Die Medienmitteilung des UNHCR gleicht einem Hilferuf. Von Alarm und traurigem Rekord ist die Rede, von Verzweifelten und Toten. 90‘000 Menschen wollten allein im vergangenen Quartal per Boot nach Europa, vor allem Syrier und Eritreer, auch viele Nordafrikaner. Über 2000 von ihnen starben beim Versuch. Laut UNHCR ist das Risiko, sein Leben bei der Überfahrt zu verlieren, heute doppelt so gross wie im letzten Jahr.
Und was tut Europa? Das neue Projekt heisst Triton. Die Operation beginnt am heutigen Tag, läuft unter der EU-Grenzschutzagentur Frontex und kostet drei Millionen Euro pro Monat. Mehr Schiffe, Flugzeuge und Experten sollen die Grenzen sichern. Aber nicht nur, wie Frontex betont, man wolle auch in Seenot geratene Migranten retten.
Zuschauen statt retten
Retten werden die Triton-Leute allerdings nur noch jene Flüchtlinge, die unmittelbar rund um die italienische Küste in Seenot geraten. Nicht wie die Operation Mare Nostrum von den Italienern, die ein Gebiet weit in den Mittelmeerraum abdeckt. 150‘000 Menschen haben die Italiener so seit letztem Oktober gerettet. Pro Monat gaben die Italiener dafür neun Millionen Euro aus.
Ein Nachfolger für Mare Nostrum ist Triton nicht, zu unterschiedlich ist das Konzept. Die Italiener zögerten lange, wie und ob es mit Mare Nostrum weitergehen sollte. Am Donnerstag gab Innenminister Angelino Alfano dann im Parlament bekannt, dass Mare Nostrum auslaufen werde.
Mare Nostrum hat auch Kritik geerntet: Da Italiens Schiffe auch vor der Küste Libyens Leben retteten, pferchten manche Schlepper zur Maximierung ihrer Profite die Migranten in Schiffe, die für eine Fahrt bis nach Europa gar nicht seetauglich waren. «Mare Nostrum war als Nothilfe gedacht und hat sich als Brücke nach Europa erwiesen», sagte der deutsche Innenminister Thomas de Maizière.
Zäune bauen statt legale Wege schaffen
Die Frontex-Leute von Triton sollen vor allem eines – die Grenzen sichern, die Routen über das Mittelmeerraum für Flüchtlinge unattraktiv machen.

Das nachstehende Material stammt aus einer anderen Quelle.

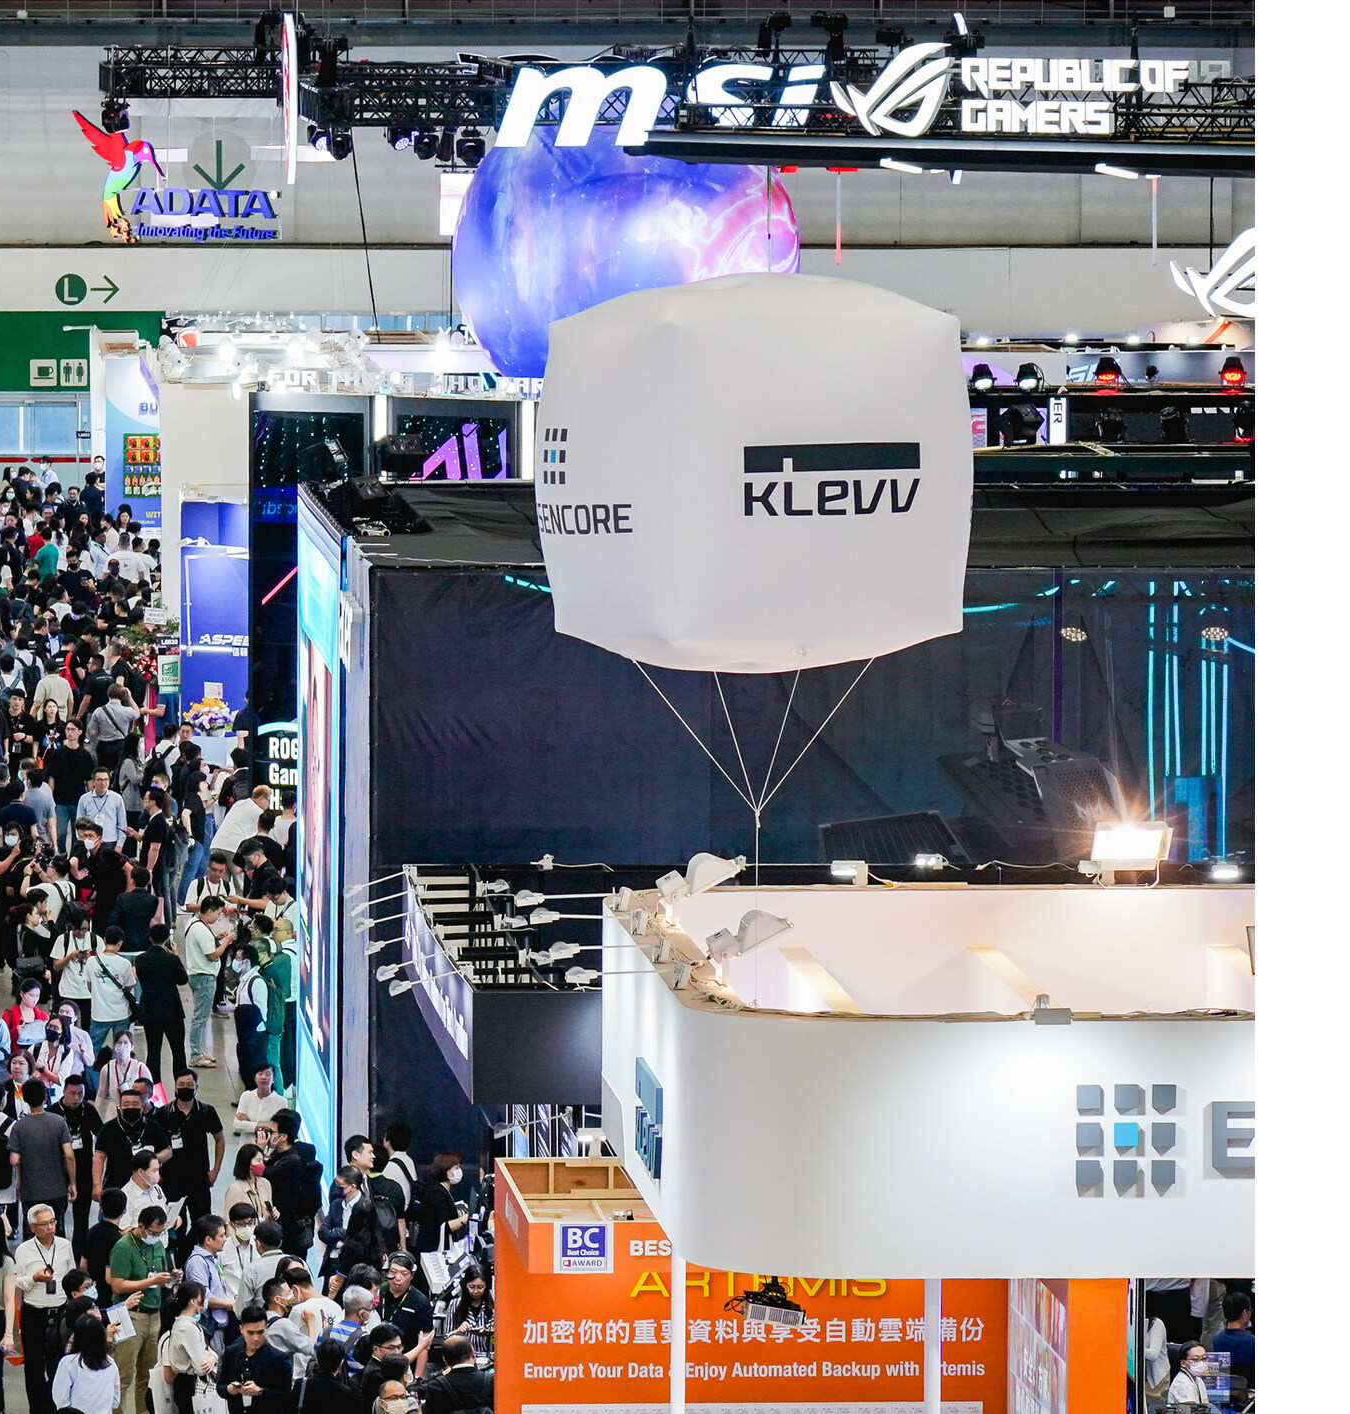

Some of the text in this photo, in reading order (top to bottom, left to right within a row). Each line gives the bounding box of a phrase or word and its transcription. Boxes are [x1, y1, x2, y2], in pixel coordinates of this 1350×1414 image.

Das UNHCR kritisiert das. Die EU sei zu untätig, gebe zu wenig Geld aus, um Menschenleben zu retten. Das Hochkommissariat für Flüchtlinge vermisst einen legalen, sicheren Zugang für die Migranten, die nach Europa wollen. Die Landrouten über Griechenland und Bulgarien sind mittlerweile zu, geschützt durch meterhohe Zäune. Die Menschen seien dazu gezwungen, den Seeweg zu benutzen, ihr Leben in die Hände von Schmugglern zu geben, schreibt das UNHCR.
Wegschauen statt Lösungen suchen
Das Mittelmeer ist damit eine weitere tödliche Hürde auf dem langen Weg nach Europa. So schaffen oft nur die Stärksten den langen strapaziösen Weg. Die Stärksten, das sind junge Männer. Frauen, Kinder und Alte, die Schwächeren, bleiben auf der Strecke.
Ist die Abschottung der richtige Weg? «Die Flüchtlingspolitik ist eine Bankrotterklärung Europas», sagt Stefan Frey von der Schweizerischen Flüchtlingshilfe. Mit einem einheitlichen Konzept für Asylsuchende – einer fairen Verteilung auf die Länder etwa – wäre schon viel getan, so Frey. «Und langfristig müssen die Industriestaaten mithelfen, das Gefälle zwischen arm und reich zu verkleinern, und korrupte Regime zu sanktionieren, und nicht mehr mit ihnen zu geschäften.»